The CD300a (IRp60) inhibitory receptor is rapidly up-regulated on human neutrophils in response to inflammatory stimuli and modulates CD32a (FcγRIIa) mediated signaling

Abstract

To achieve an adequate response, cells of the immune system must be tightly regulated to avoid hypo or hyper responsiveness. One of the mechanisms used by the immune system to avoid excessive inflammation is the modulation of the response through inhibitory receptors containing immunoreceptor tyrosine based inhibitory motifs (ITIM). Here, we show that human neutrophils from peripheral blood express the ITIM containing CD300a (also known as IRp60 and CMRF-35H) receptor. By using the HL-60 differentiation model, we show that the expression of CD300a receptor is developmentally regulated.

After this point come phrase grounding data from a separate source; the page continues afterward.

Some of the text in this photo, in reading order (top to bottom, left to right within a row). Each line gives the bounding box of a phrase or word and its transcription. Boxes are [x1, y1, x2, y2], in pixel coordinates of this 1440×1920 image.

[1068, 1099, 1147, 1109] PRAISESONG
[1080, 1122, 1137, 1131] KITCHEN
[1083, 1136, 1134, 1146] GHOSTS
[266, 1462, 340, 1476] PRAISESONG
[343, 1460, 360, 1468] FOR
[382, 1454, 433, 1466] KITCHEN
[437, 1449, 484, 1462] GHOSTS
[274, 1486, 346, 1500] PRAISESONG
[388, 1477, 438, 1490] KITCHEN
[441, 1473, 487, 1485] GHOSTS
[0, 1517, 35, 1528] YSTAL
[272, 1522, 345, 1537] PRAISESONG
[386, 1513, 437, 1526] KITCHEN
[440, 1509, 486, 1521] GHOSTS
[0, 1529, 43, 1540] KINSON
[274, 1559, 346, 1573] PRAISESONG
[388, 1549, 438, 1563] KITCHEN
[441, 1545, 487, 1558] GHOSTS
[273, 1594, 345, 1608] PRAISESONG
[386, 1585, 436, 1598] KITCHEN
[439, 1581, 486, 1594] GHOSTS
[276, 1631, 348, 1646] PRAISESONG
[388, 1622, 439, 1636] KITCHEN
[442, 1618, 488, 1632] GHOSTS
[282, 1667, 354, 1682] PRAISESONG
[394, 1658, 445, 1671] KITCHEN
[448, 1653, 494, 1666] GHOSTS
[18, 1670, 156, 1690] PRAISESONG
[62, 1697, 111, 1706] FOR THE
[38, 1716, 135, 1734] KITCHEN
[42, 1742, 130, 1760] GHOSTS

Stimulation of human neutrophils with LPS and GM-CSF increased the cell surface expression of CD300a as a result of the rapid translocation of an intracellular pool of the receptor to the cell surface. Co-ligation of CD300a with the immunoreceptor tyrosine based activating motif (ITAM) containing CD32a (FcγRIIa) activation receptor inhibited CD32a mediated signalling; whereas, it did not inhibit toll-like receptor (TLR)-4 mediated reactive oxygen species (ROS) production. Therefore, at least for human neutrophils, the inhibitory signals mediated by the CD300a receptor may be selective in their action.